1. Respect Monday Mornings!

Set the right tone for the week by not meeting first thing! The single worst idea you might have is to schedule an early Monday morning meeting with your team. Just don’t do it. No one knows what’s going on yet. Last week is far away in the rear-view mirror, and it takes time for everyone to find their bearings in the new week. If you must connect on Monday, place the session later in the afternoon.

2. Don’t Make the Meetings About You

Do not set up meetings as a primary means of educating you on what’s going on with your team. Instead, connect one-on-one and save everyone the painful group manager education session.

3. No Meeting Shall Be Held Without a Clear Purpose

Share relevant corporate news. Discuss overall team and firm performance indicators. Provide context for strategy. Frame a challenging situation that you are asking the team to solve. No matter what, make certain there’s a purpose behind this time-consuming and expensive group gathering. No purpose, no meeting.

4. Stand and Deliver. Seriously!

If you must conduct status updates, take a page from the world of Agile/Scrum project management and facilitate a brief stand-up session where individuals have two minutes to indicate their progress on their key priorities as well as indicate any potential challenges or obstacles. And yes, stand.

5. No One Cares What Everyone Else is Doing!Image of professionals yawning and bored in a meeting

People care a little, but no one loves the meeting format where the sole purpose is for everyone to share everything they’ve been doing. (I call this the “Round-the-Table Meeting Death March.”) These are painful sessions, that may induce nausea based on some of the puffy, self-serving updates.

6. Does it Pass the So-What Test?

If you run regular operations or activity reviews, create a common template for your team members to use when developing their updates. Everything on the agenda must pass the “so what?” test.

7. Share the Spotlight!

For the limited number of recurring meetings you conduct, rotate agenda ownership and meeting management.

8. Reinforce Accountability.

For every problem identified by someone, an action must be identified, an owner assigned, and a follow-on date established.

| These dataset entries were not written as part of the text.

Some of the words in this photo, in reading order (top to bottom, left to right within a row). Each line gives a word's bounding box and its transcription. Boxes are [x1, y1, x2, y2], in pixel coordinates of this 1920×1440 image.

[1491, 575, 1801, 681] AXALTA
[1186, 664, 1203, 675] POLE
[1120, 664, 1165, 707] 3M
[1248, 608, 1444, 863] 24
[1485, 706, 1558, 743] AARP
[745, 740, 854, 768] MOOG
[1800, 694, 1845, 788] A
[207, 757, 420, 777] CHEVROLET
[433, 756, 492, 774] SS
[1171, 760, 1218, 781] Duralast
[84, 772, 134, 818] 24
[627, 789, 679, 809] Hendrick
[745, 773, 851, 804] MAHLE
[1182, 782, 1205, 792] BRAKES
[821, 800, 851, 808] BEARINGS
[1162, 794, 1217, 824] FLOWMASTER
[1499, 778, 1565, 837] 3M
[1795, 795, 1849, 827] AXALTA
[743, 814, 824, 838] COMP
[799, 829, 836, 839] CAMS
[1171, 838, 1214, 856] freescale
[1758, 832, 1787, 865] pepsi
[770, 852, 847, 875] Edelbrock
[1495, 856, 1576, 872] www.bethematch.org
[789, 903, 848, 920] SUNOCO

Take notes and hold people accountable to their commitments. You’ll be amazed at how modeling your demand for accountability stimulates accountability across the group.

9. It’s Tempting, But Don’t Do It!

Skip the public inquisition or execution if a team member falls short on a commitment. Do indicate publicly that you would like to talk with him/her offline and that they should set up an appointment. Everyone else in the room understands what you are doing, and they appreciate you for not embarrassing anyone in the live setting.

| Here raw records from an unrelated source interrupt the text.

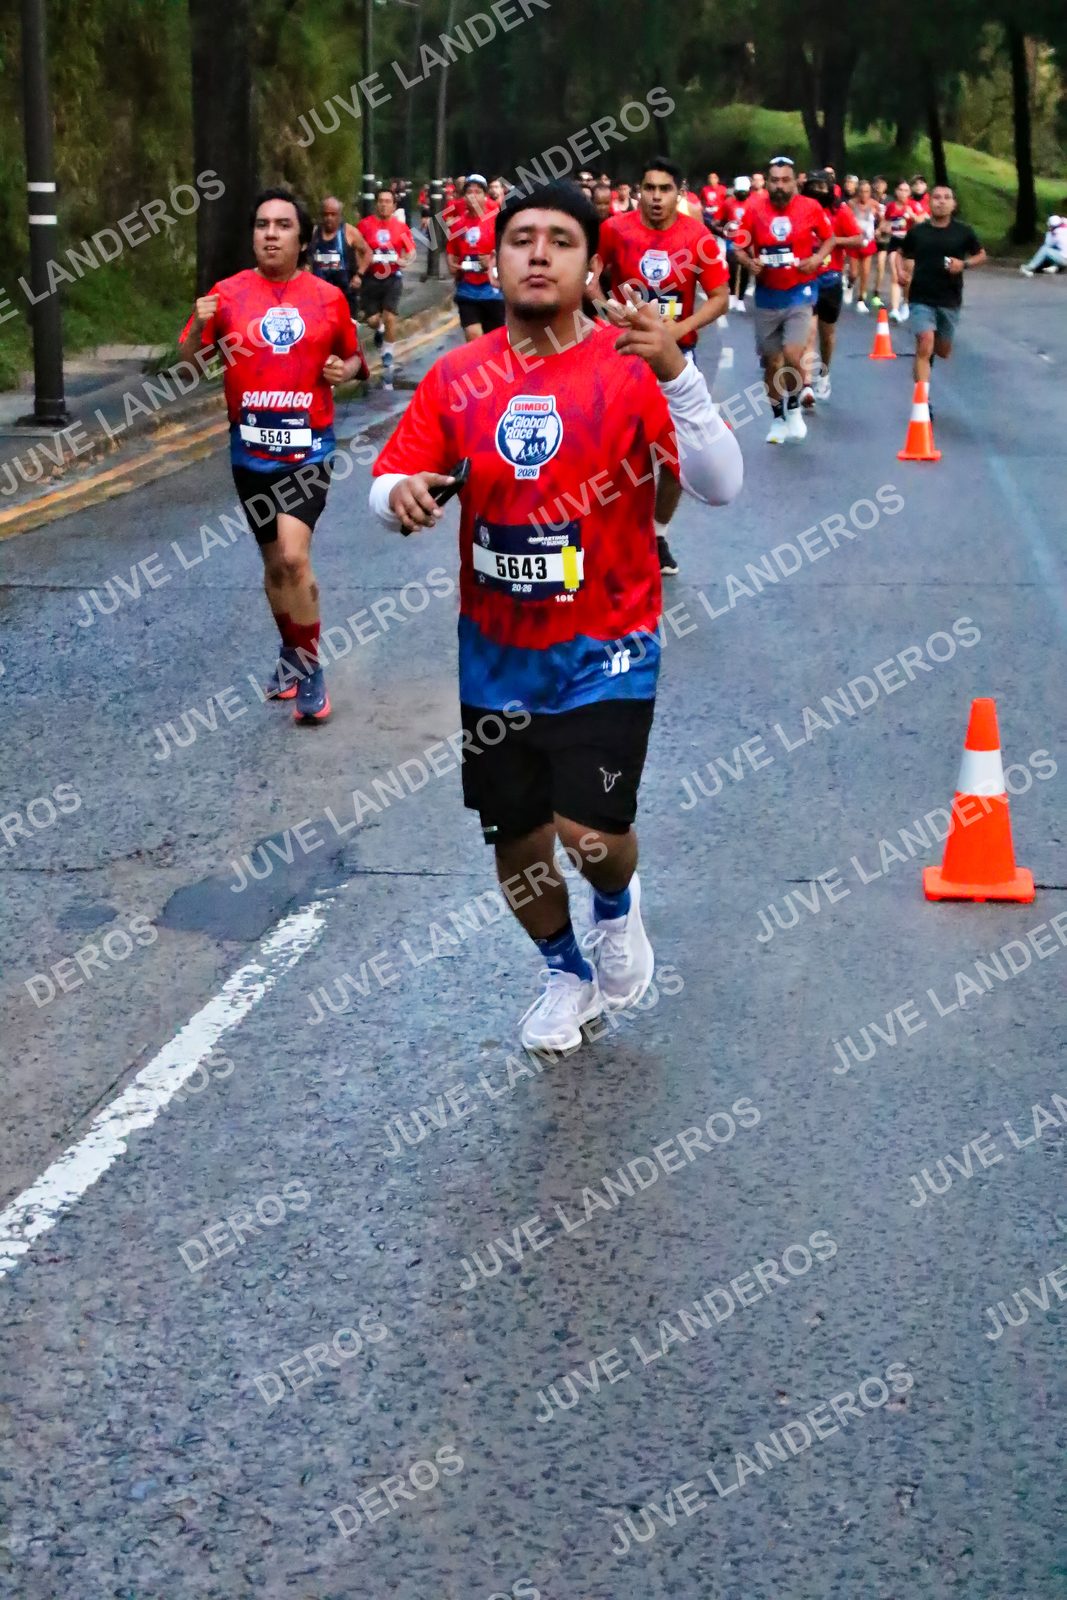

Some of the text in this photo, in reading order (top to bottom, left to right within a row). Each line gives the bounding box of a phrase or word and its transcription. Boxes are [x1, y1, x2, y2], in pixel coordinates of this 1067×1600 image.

[242, 391, 313, 408] SANTIAGO
[514, 403, 549, 411] BIMBO
[513, 416, 548, 428] Global
[260, 430, 291, 444] 5543
[506, 428, 533, 439] Race
[517, 469, 537, 477] 2026
[495, 555, 547, 579] 5643
[555, 594, 574, 602] 10K
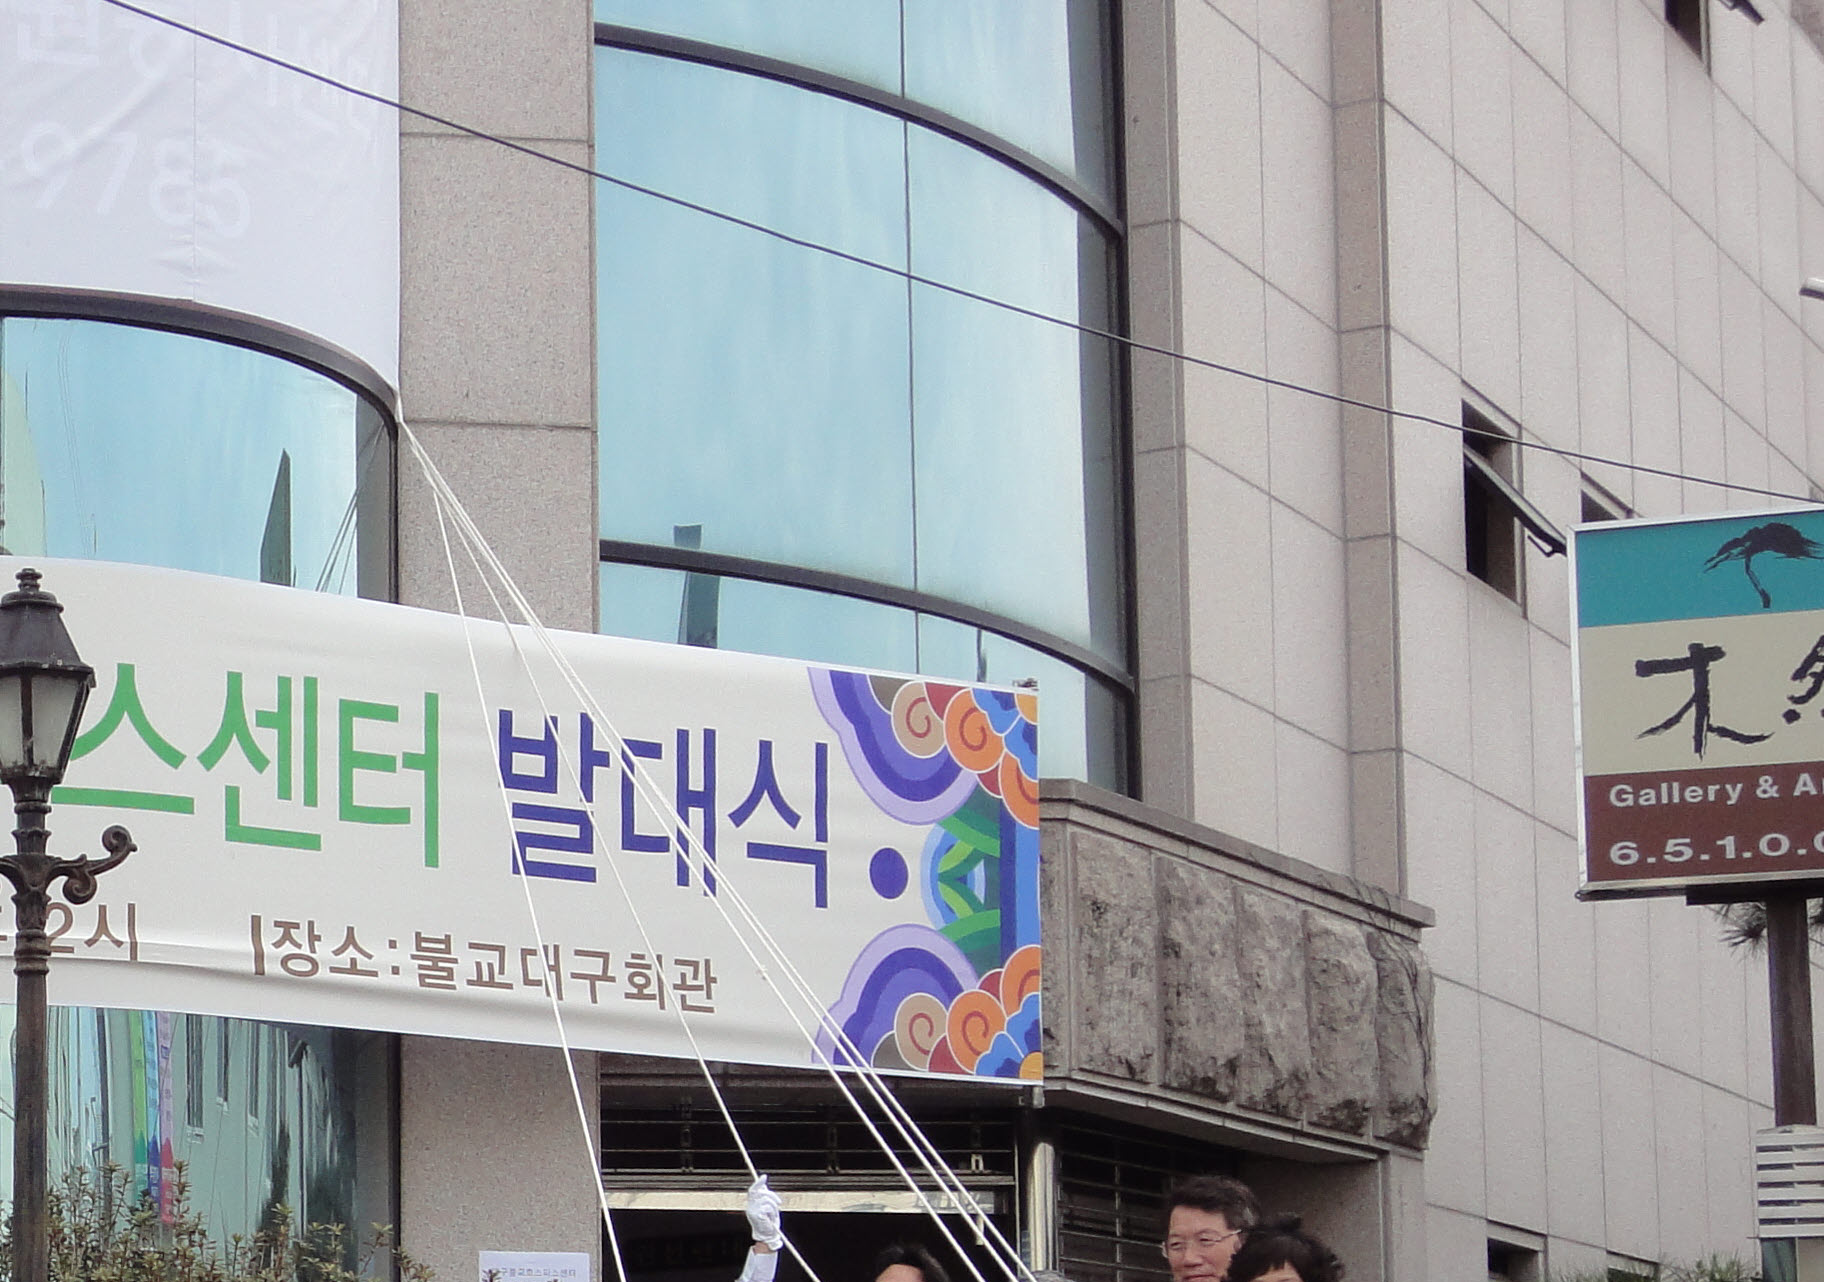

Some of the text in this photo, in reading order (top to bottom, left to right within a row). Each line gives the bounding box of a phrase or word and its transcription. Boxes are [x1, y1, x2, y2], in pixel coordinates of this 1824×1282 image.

10. Location, Location, Location.

Change venues when you can. Just a change of scenery can boost the energy of the team for a recurring meeting.
Speaking of recurring meetings… . Minimize these things. Too many and they clog our calendars and choke off our productive work time.

11. There’s Nothing Magical About Hour-Long Meetings.

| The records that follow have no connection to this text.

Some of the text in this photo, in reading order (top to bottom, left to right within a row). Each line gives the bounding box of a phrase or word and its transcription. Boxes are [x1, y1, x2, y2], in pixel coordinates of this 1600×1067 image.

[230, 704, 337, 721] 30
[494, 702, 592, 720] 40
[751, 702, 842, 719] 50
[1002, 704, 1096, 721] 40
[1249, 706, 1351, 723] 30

My favorite meetings last no longer than twenty minutes. People may linger to network, connect on a problem or opportunity or socialize a bit, but don’t feel compelled to fill the rest of the hour.

12. Creativity isn’t a switch.

If your meeting is about idea-generation, don’t expect people to be creative-on-demand. Distribute the topic/brainstorm questions ahead of the meeting and encourage people to draft and submit ideas anonymously. Write out the ideas on a whiteboard and use those to jump and build.

The Bottom-Line for Now:

In my experience, most of our meeting habits are bad. You, however, are early and impressionable in your management career. Break the back of bad meetings. Create meetings that people want to attend. Use the group settings to accomplish something and remember that no one has time to waste. Do all of this, and the world will be a slightly better place, and you will be showcasing why you are a dramatically better manager than many of the rest. Everyone will appreciate your hard work to develop and deliver effective meetings.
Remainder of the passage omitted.